But! But! HULK SMASH! Beserker rage!
Well at that point, yeah, I'm screwed, but that's why you need to have a plan in advance! My friend & I spent a long cigarette break at work today discussing where to hole up when the zombies come. (If we're not at work, because we've already come up with a plan for that. Obviously.)
Sure, the other smokers looked at as funny at first, but after a bit we agreed that if we needed to flee, whoever got to Julian's boat in time should use it.
Tom, I want ita to go back in time and ask your dad if he watches Firefly.
Man, that's a great plan. I fully support it. Tom, I'm very sorry.
This is why I will not go to haunted houses and yet my mother to this day will insist -- INSIST -- that I liked them as a kid.
In theory, I should LOVE haunted house -type things. LOVE. I'm a big fan of the horror genre, and I want to move into the Haunted Mansion at Disneyland. And yet, every time I have gone to a haunted house attraction, I do not have fun.

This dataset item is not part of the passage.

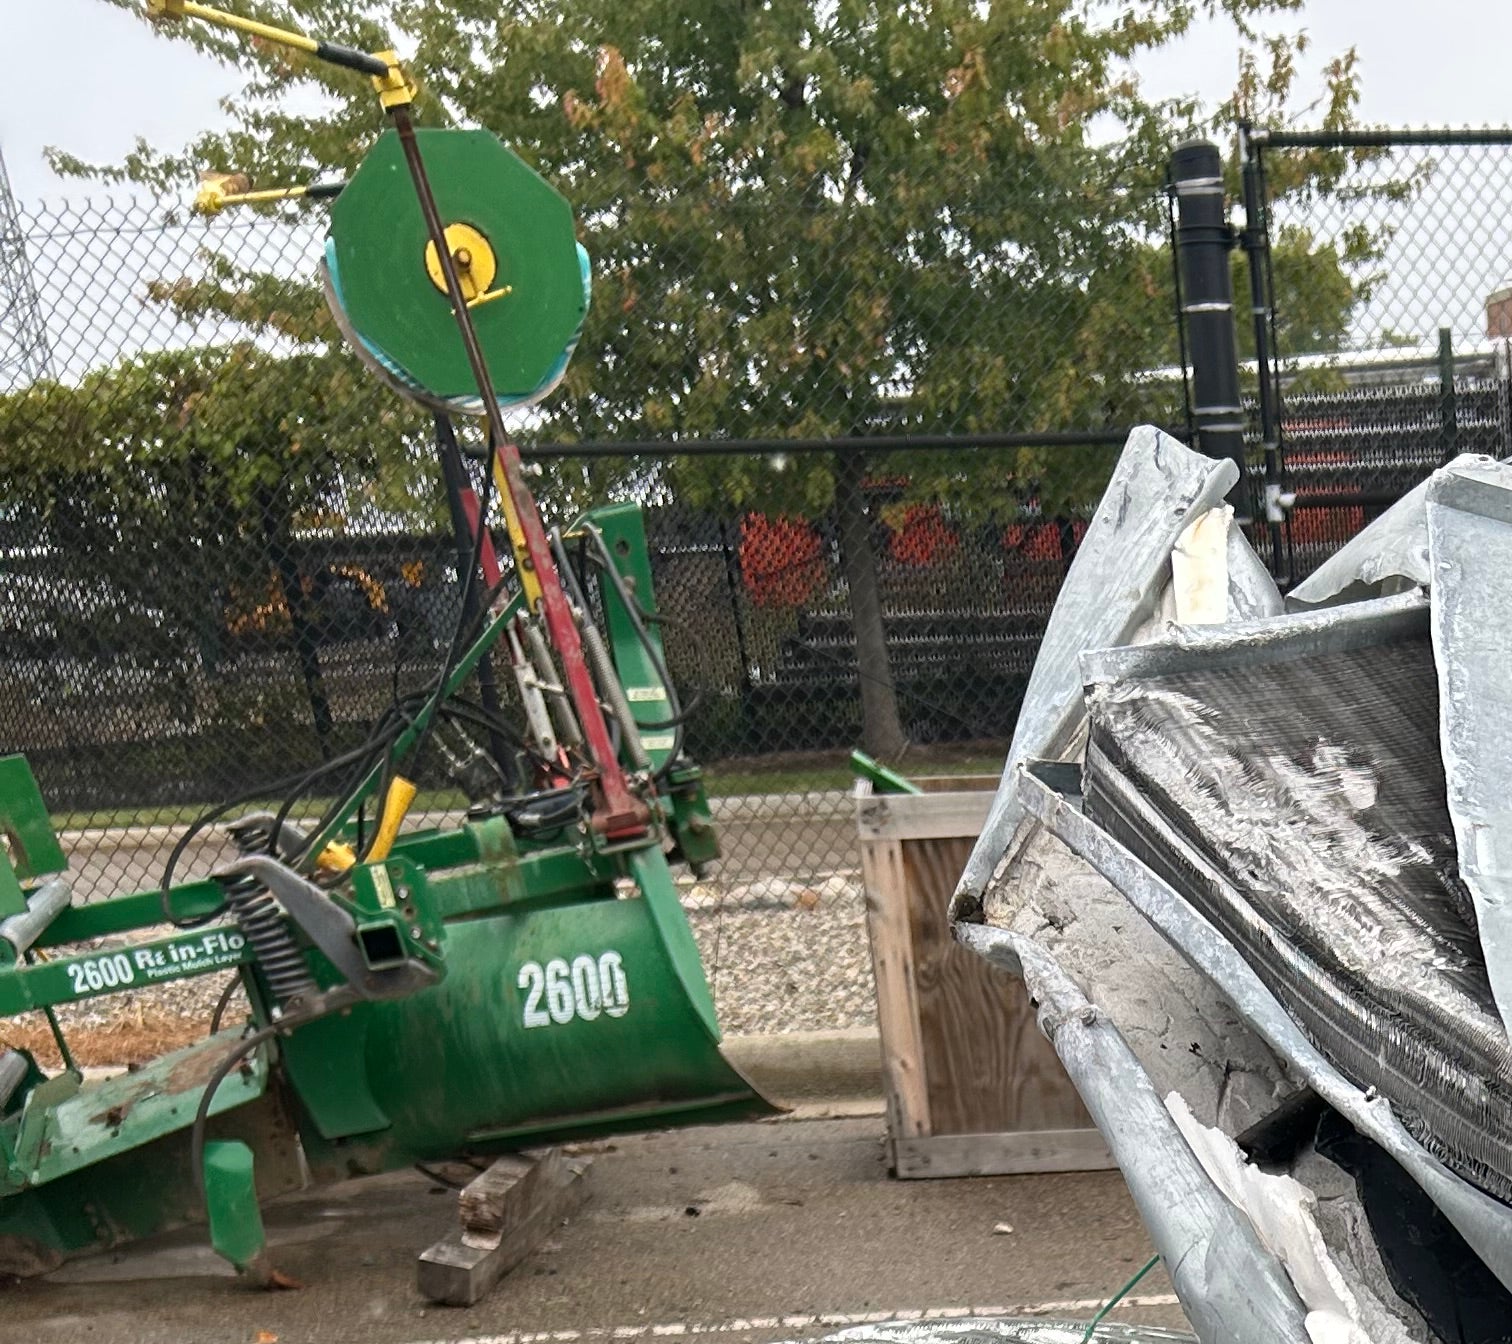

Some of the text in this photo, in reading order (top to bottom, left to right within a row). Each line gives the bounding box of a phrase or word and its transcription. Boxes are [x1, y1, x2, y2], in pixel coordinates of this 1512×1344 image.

[68, 953, 135, 994] 2600
[147, 951, 243, 979] Plastic Mulch Layer
[518, 950, 629, 1029] 2600

My suspension of disbelief is too strong for my own good, sometimes.
(But I would LOVE to work at a haunted house attraction. Oh, that would be fun!)

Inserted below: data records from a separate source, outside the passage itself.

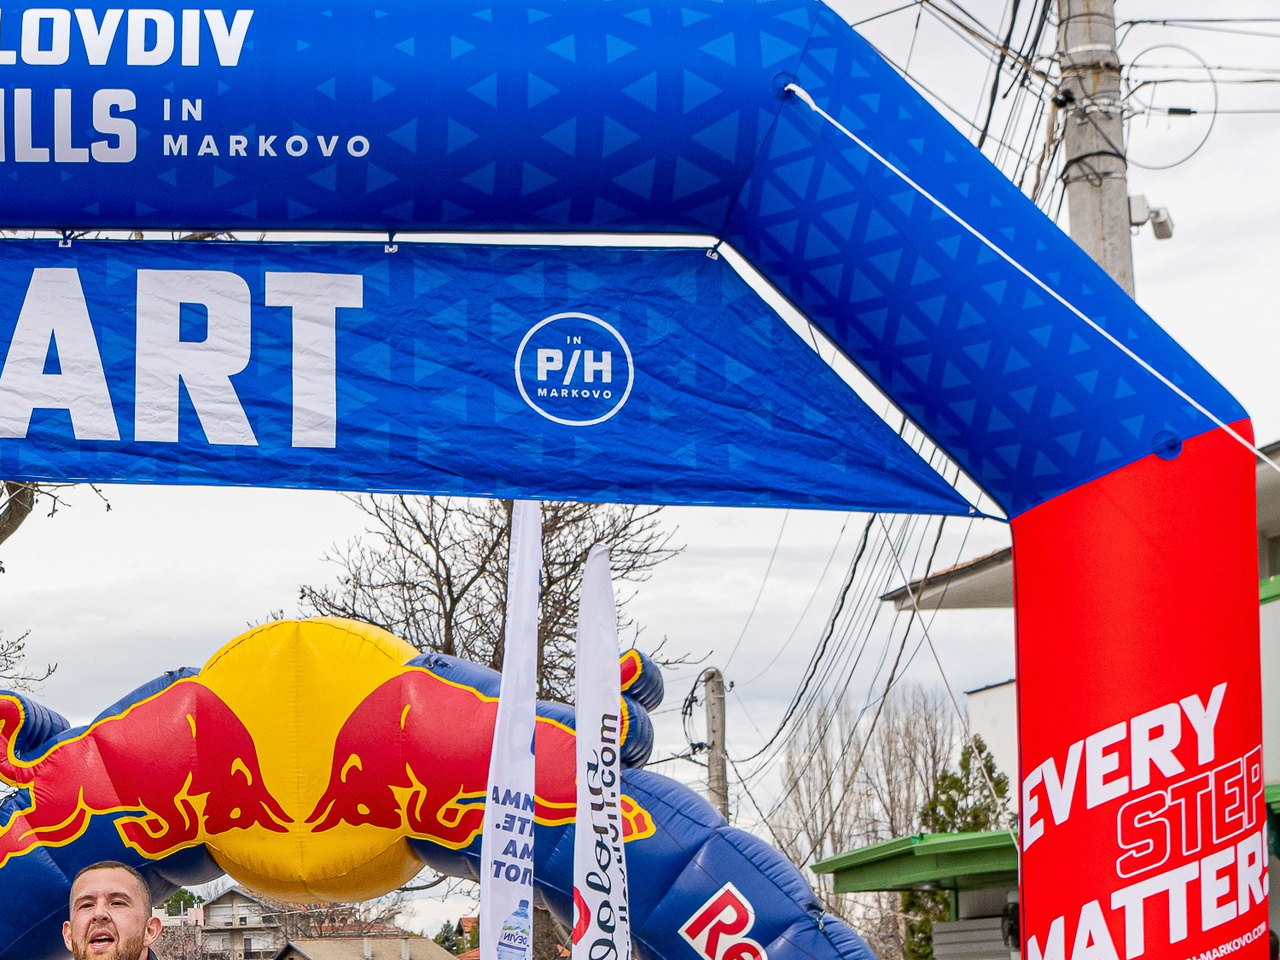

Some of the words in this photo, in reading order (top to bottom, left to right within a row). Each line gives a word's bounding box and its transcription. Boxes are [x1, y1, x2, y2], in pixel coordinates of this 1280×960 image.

[162, 98, 203, 122] IN
[162, 135, 371, 158] MARKOVO
[566, 335, 583, 345] IN
[537, 348, 612, 386] P/H
[537, 387, 613, 400] MARKOVO
[1023, 682, 1227, 852] EVERY
[1116, 744, 1264, 878] STEP

wait, jesse, why a food court?
Zombies, in my world, are slow. And the people with whom I work are stupid. I might get by on my wits alone.
Oh man, does the spring time smell of major jasmine remind anyone else of Angel?
Whoo! Grr!
I admit, I'd use the apocalypse as an excuse to change my wardrobe and kill things. Saving people and extending my own life...sure, if it happens. I am so not the story's hero.
Hmm. I don't own a chainsaw. That could be a problem.
I admit, I'd use the apocalypse as an excuse to change my wardrobe and kill things.
What would be your apocalyptic wardrobe?
Me, I'm picturing one of those vests with a billion pockets and places to attach grenades, etc. that Hollywood military types wear.
eta: Obviously there would be pants as well.
I love rollercoasters. I love spinny, pukey thrill rides. My all time favorite rides are swing rides. My favorite rides at Cedar Point are Airmax: [link]
And Skyhawk: [link]
Both are whackadoo crazy hydraulic swingy rides that rock my world.
Very good news indeed, Burrell!
That's great news, Burrell!
My last apartment would have been pretty defensible in a zombie apocalypse if I'd had an axe to knock off the external staircase. It was on the third floor, and the stairs were wood. In my current, ground floor apartment with the nice big windows I'd be brain salad in a quickly stilled heart beat.